Section 1—Registrant’s Business and Operations

 

Item 1.01

Entry into a Material Definitive Agreement.

On February 3, 2021, Silgan Holdings Inc. (the “Company”) and certain of its U.S. subsidiaries entered into a purchase agreement (the “Purchase Agreement”) with Wells Fargo Securities, LLC and BofA Securities, Inc., on behalf of themselves and as representatives of the other Initial Purchasers named therein (collectively, the “Initial Purchasers”). Pursuant to the Purchase Agreement, the Company agreed to sell to the Initial Purchasers in a private placement in reliance on Rule 144A and Regulation S under the Securities Act of 1933, as amended, $500 million aggregate principal amount of its 1.4% Senior Secured Notes due 2026 (the “Notes”) at 99.945 percent of their principal amount. The Notes will be guaranteed on a senior secured basis by the U.S. subsidiaries of the Company (the “Guarantors”) that guarantee obligations under the Company’s senior secured credit facility. The Notes and the related guarantees will be secured on a pari passu basis with the Company’s senior secured credit facility by the same collateral of the Company and the Guarantors that secures their obligations under the Company’s senior secured credit facility. The closing for the sale of the Notes is subject to customary conditions and is expected to occur on or about February 10, 2021. The Purchase Agreement contains customary representations and warranties of the parties and indemnification and contribution provisions whereby the Company and the Guarantors, on the one hand, and the Initial Purchasers, on the other hand, have agreed to indemnify each other against certain liabilities and will contribute to payments the other party may be required to make in respect thereof.

The net proceeds from the offering of the Notes will be approximately $495.2 million after deducting the Initial Purchasers’ discount and estimated offering expenses.

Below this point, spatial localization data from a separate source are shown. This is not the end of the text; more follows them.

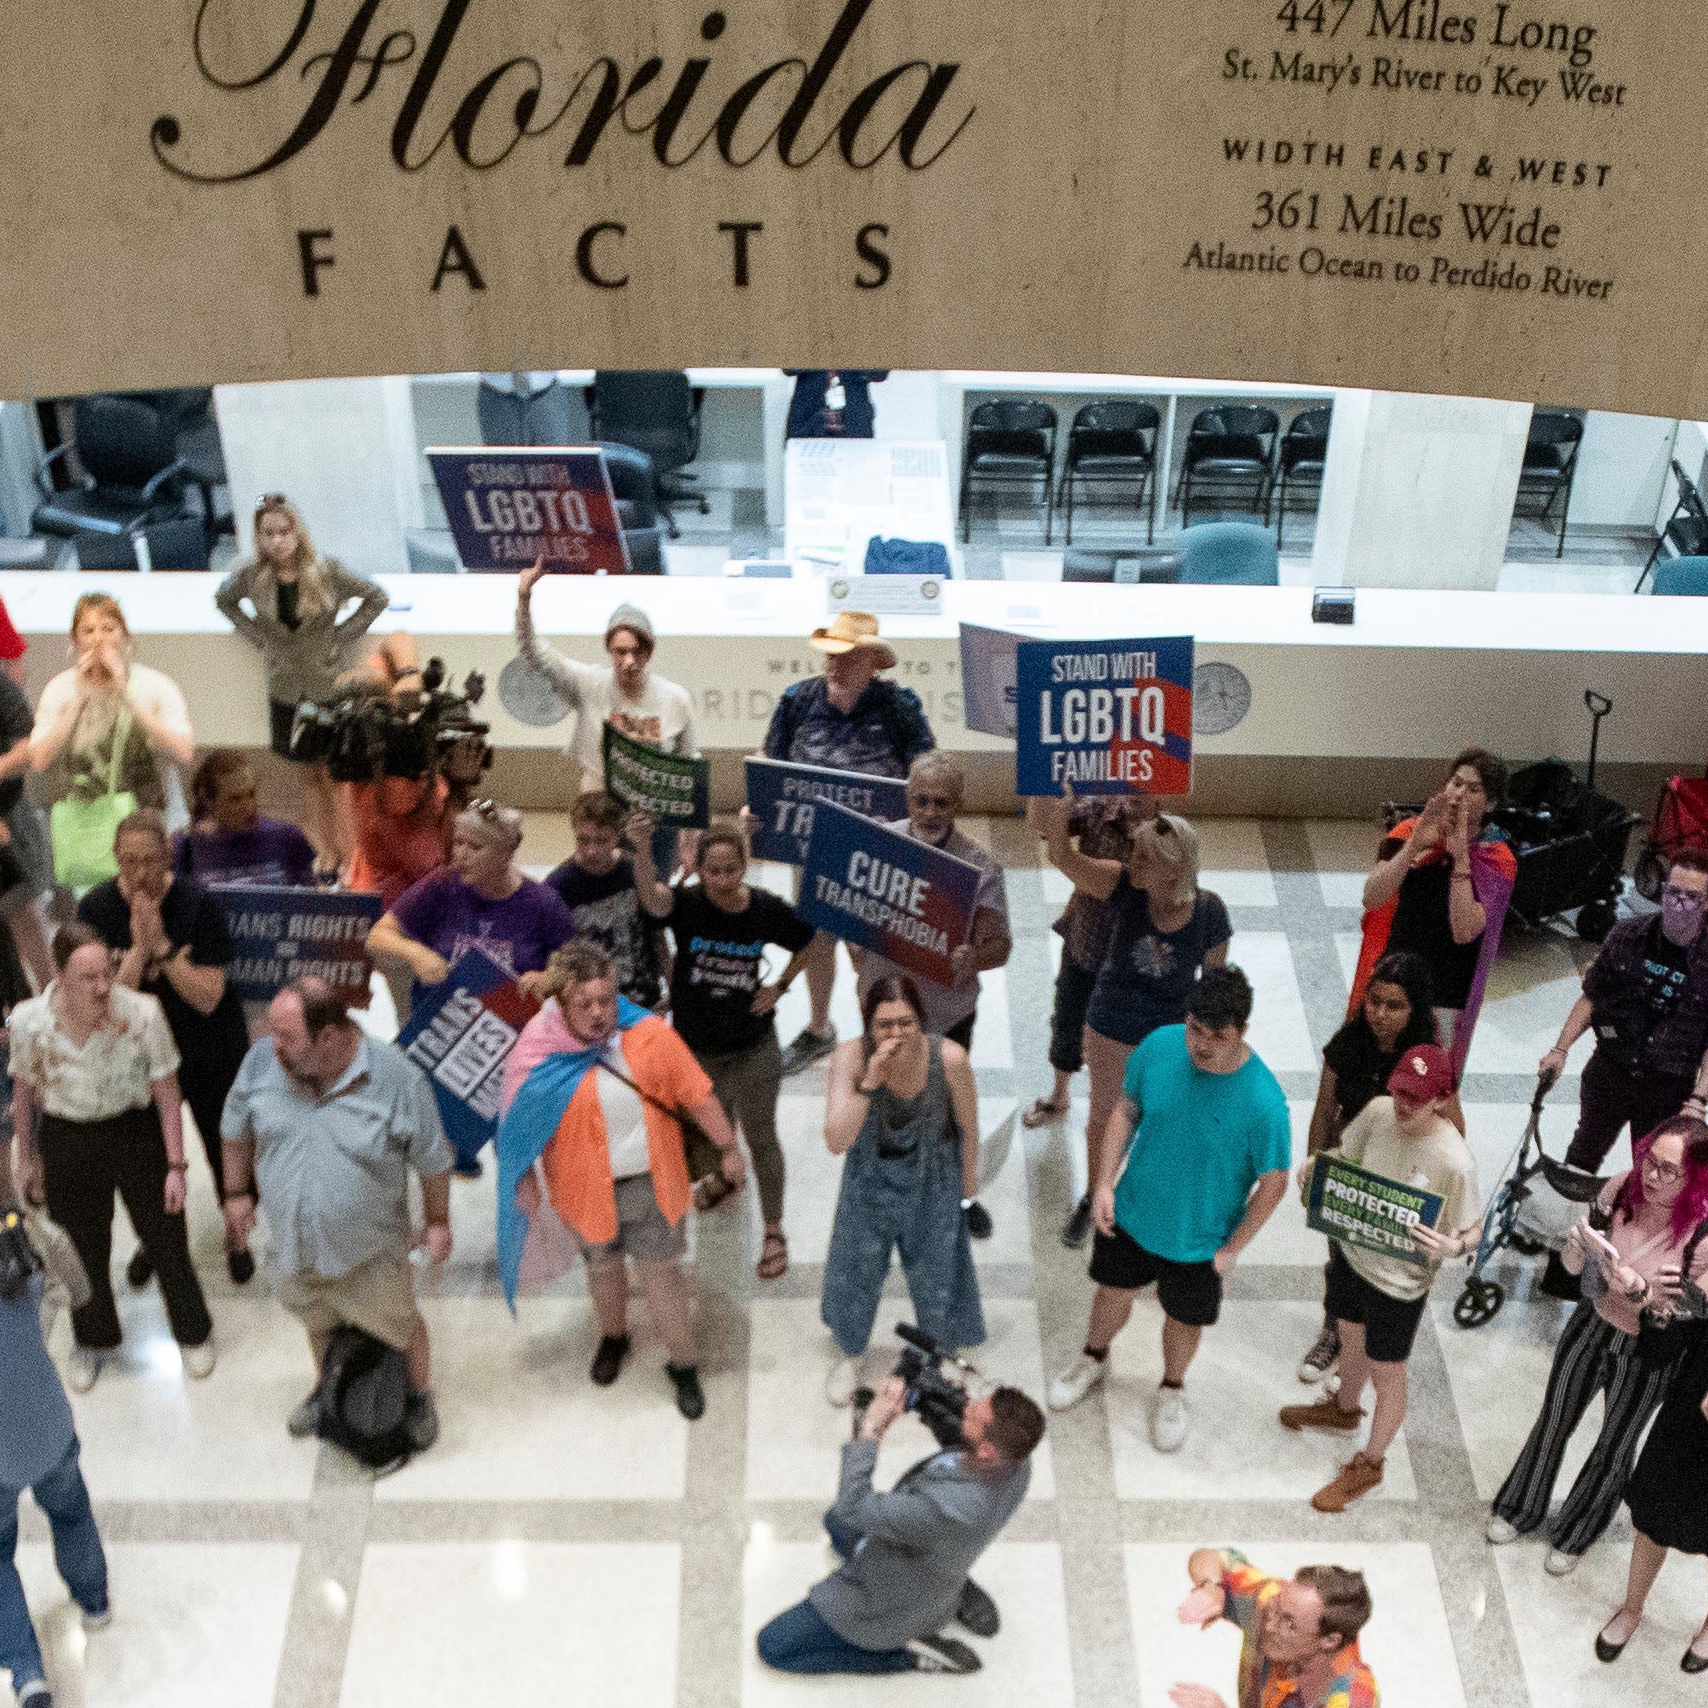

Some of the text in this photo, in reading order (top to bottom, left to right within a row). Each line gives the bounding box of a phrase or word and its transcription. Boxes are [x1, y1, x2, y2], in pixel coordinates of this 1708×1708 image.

[1367, 0, 1476, 46] Miles
[1490, 3, 1594, 67] Long
[153, 0, 976, 184] Florida
[1223, 48, 1628, 107] St. Mary's River to Key West
[1223, 138, 1611, 188] WIDTH EAST & WEST
[1251, 189, 1562, 249] 361 Miles Wide
[298, 223, 892, 296] FACTS
[1182, 242, 1613, 300] Atlantic Ocean to Perdido River
[464, 490, 593, 534] LGBTQ
[490, 535, 589, 561] FAMILIES
[1052, 651, 1157, 683] STAND WITH
[1040, 686, 1167, 747] LGBTQ
[1051, 749, 1154, 782] FAMILIES
[847, 851, 930, 917] CURE
[288, 913, 373, 942] RIGHTS
[816, 874, 949, 956] TRANSPHOBIA
[406, 987, 484, 1070] TRANS
[442, 1016, 512, 1096] LIVES
[1321, 1206, 1416, 1251] RESPECTED
[1324, 1178, 1421, 1227] PROTECTED

The Company intends to use the net proceeds from the sale of the Notes to prepay a portion of its outstanding term loans under its senior secured credit facility.

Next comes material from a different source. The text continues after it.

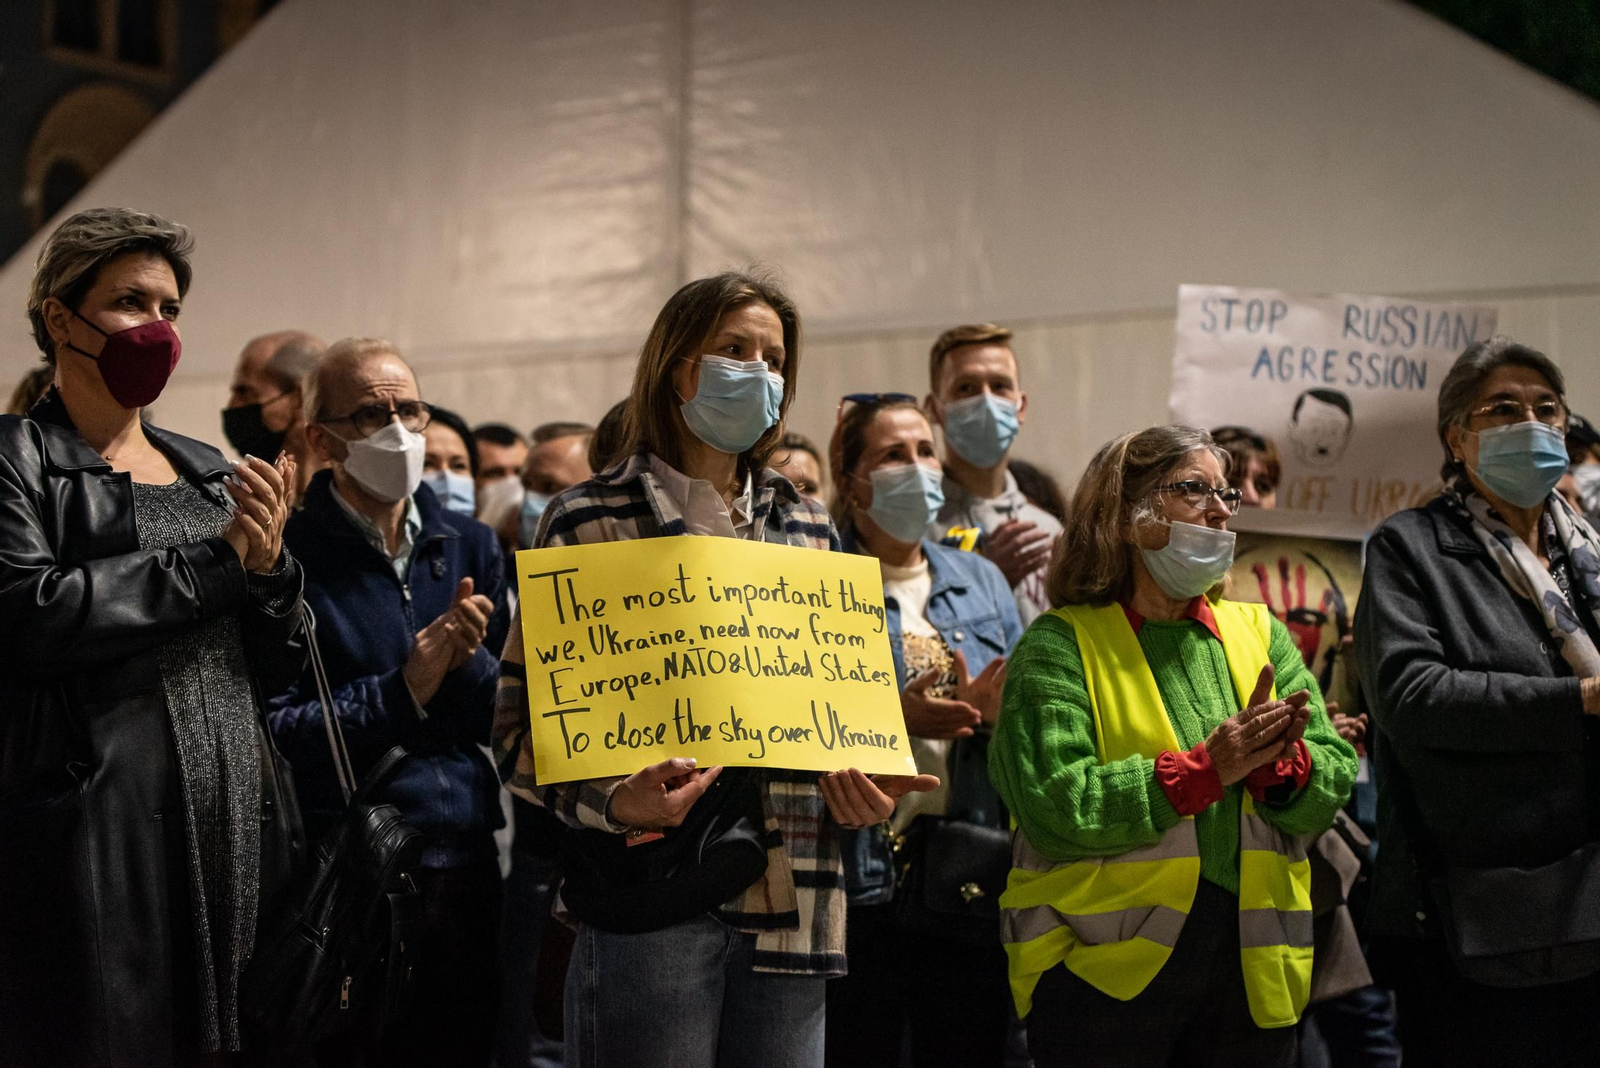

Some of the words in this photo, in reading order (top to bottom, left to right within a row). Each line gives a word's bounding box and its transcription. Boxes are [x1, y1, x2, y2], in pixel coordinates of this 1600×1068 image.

The foregoing description of the Purchase Agreement does not purport to be complete and is qualified in its entirety by reference to the full text of the Purchase Agreement, which is attached as Exhibit 10.1 and incorporated herein by reference.

Section 8—Other Events

 

Item 8.01

Other Events.

On February 3, 2020, the Company issued a press release announcing the pricing for the Notes. A copy of this press release is furnished herewith as Exhibit 99.1.

Section 9—Financial Statements and Exhibits

 

Item 9.01

Financial Statements and Exhibits.

(d)    Exhibits

 

Exhibit
No.

    

Description

10.1      Purchase Agreement, dated as of February 3, 2021, among Silgan Holdings Inc., the Guarantors party thereto, and Wells Fargo Securities, LLC and BofA Securities, Inc., on behalf of themselves and as representatives of the Initial Purchasers named therein.
99.1      Press Release dated February 3, 2021 announcing pricing of new senior secured notes offering.
104      Cover Page Interactive File (the cover page tags are embedded within the Inline XBRL document).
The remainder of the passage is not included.